ILDEGARDE. - Approchez, vilain enfant, et dites-moi comment vous avez pu vous laisser tomber dans ce puits dont les bords sont pourtant bien élevés ?
ALBERT. - Dame ! ma bonne maman, ce n'est pas ma faute : je m'amusais avec des cailloux lorsqu'un petit oiseau vint se poser sur le bord du puits ; je voulus rattraper et je fis la culbute sans le vouloir.
ILDEGARDE. - Voyez, monsieur, à quel danger vous vous êtes exposé et quelle frayeur vous nous avez causée par votre étourderie et votre désobéissance; car je vous avais bien défendu de jouer si près du puits.
ALBERT. - C'est vrai, ma bonne maman, et je t'en demande pardon ; cela ne m'arrivera plus ; car j'ai eu bien peur, je t'assure.
ILDEGARDE. - Ah ! mon enfant, remercie Dieu d'avoir envoyé un ange à ton secours.
ALBERT. - Oui, la bonne Rose ; c'est elle qui m'a sauvé. Demandez-le lui, elle vous dira comment elle a fait.
ILDEGARDE. - Je l'ai envoyé chercher par ton frère Édouard ; mais il me semble qu'elle tarde bien à venir.
ALBERT. (Il se tourne vers Rose qui entre par la droite.) - La voici !... Entrez, Rose, maman désire vous parler (il sort par la droite. Rose entre du même côté).
SCÈNE II
ROSE (en paysanne), ILDEGARDE (dans son fauteuil).
ILDEGARDE. - Ah ! ma chère amie, que vous êtes bonne et courageuse, et que je vous dois de reconnaissance pour votre sublime dévouement !.. Sans vous, mon enfant chéri n'existerait plus !... oui, je vous remercie du fond du cœur et je veux faire désormais tout ce qui dépendra de moi pour vous rendre heureuse. Quant à Técla, elle a manqué à ses devoirs de gouvernante. Elle s'en ira demain.
ROSE. - Daignez me permettre, madame, d'intercéder pour Técla. Certainement elle a manqué à ses devoirs ; mais ce malheur lui donnera de l'expérience ; et si vous voulez être juste envers elle, il faut, en voyant sa faute, voir quel est son repentir.
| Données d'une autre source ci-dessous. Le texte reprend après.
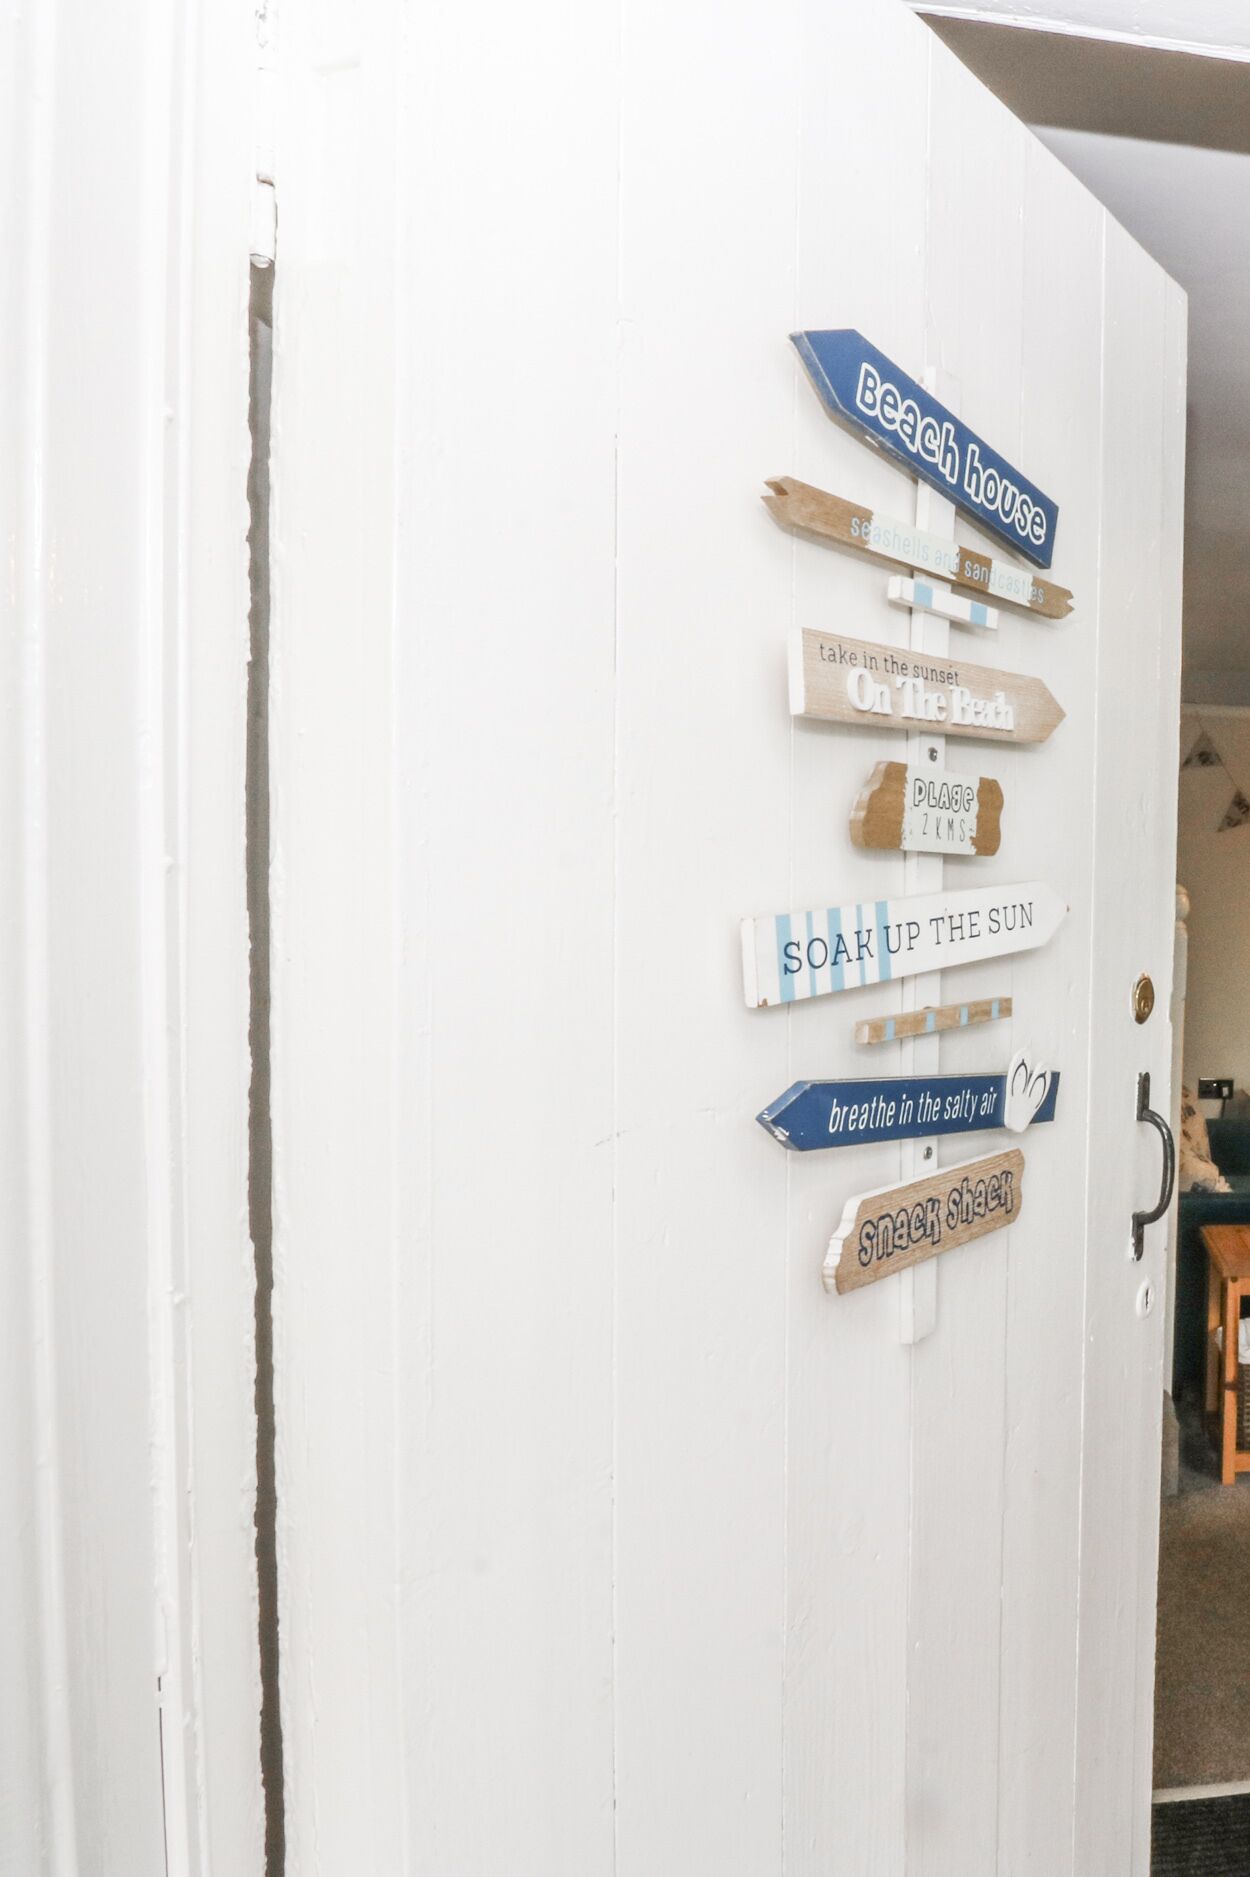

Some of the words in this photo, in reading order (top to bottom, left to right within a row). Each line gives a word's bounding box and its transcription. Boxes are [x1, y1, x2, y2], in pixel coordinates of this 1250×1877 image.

Il faut aussi songer qu'elle a bien contribué à sauver l'enfant. Dieu vient de se montrer miséricordieux envers vous, madame, refuseriez-vous maintenant de pardonner à une pauvre orpheline qui n'a d'espoir qu'en vous.
ILDEGARDE. - En vérité, ma fille, je ne sais ce que je dois le plus admirer de votre courage ou de vos nobles sentiments. Je ne renverrai pas Técla pour ne pas vous chagriner ; mais vous la remplacerez dans ses fonctions; vous resterez près de moi ; vous serez ma compagne, mon amie ; et, quand le baron Cuneric sera de retour, je lui dirai ce que nous vous devons. Il saura vous récompenser d'une manière digne de vous.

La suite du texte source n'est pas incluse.